# WHAT THIS TASK INVOLVES
Would you output the whole of the data exactly?

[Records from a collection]
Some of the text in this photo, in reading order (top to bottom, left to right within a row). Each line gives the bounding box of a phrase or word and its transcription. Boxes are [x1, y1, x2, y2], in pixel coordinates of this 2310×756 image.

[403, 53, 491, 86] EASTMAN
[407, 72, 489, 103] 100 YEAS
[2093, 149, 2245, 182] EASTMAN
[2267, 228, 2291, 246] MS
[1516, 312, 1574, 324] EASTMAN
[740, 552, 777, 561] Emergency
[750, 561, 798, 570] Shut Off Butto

# TASK RESPONSE
Some of the text in this photo, in reading order (top to bottom, left to right within a row). Each line gives the bounding box of a phrase or word and its transcription. Boxes are [x1, y1, x2, y2], in pixel coordinates of this 2310×756 image.

[403, 53, 491, 86] EASTMAN
[407, 72, 489, 103] 100 YEAS
[2093, 149, 2245, 182] EASTMAN
[2267, 228, 2291, 246] MS
[1516, 312, 1574, 324] EASTMAN
[740, 552, 777, 561] Emergency
[750, 561, 798, 570] Shut Off Butto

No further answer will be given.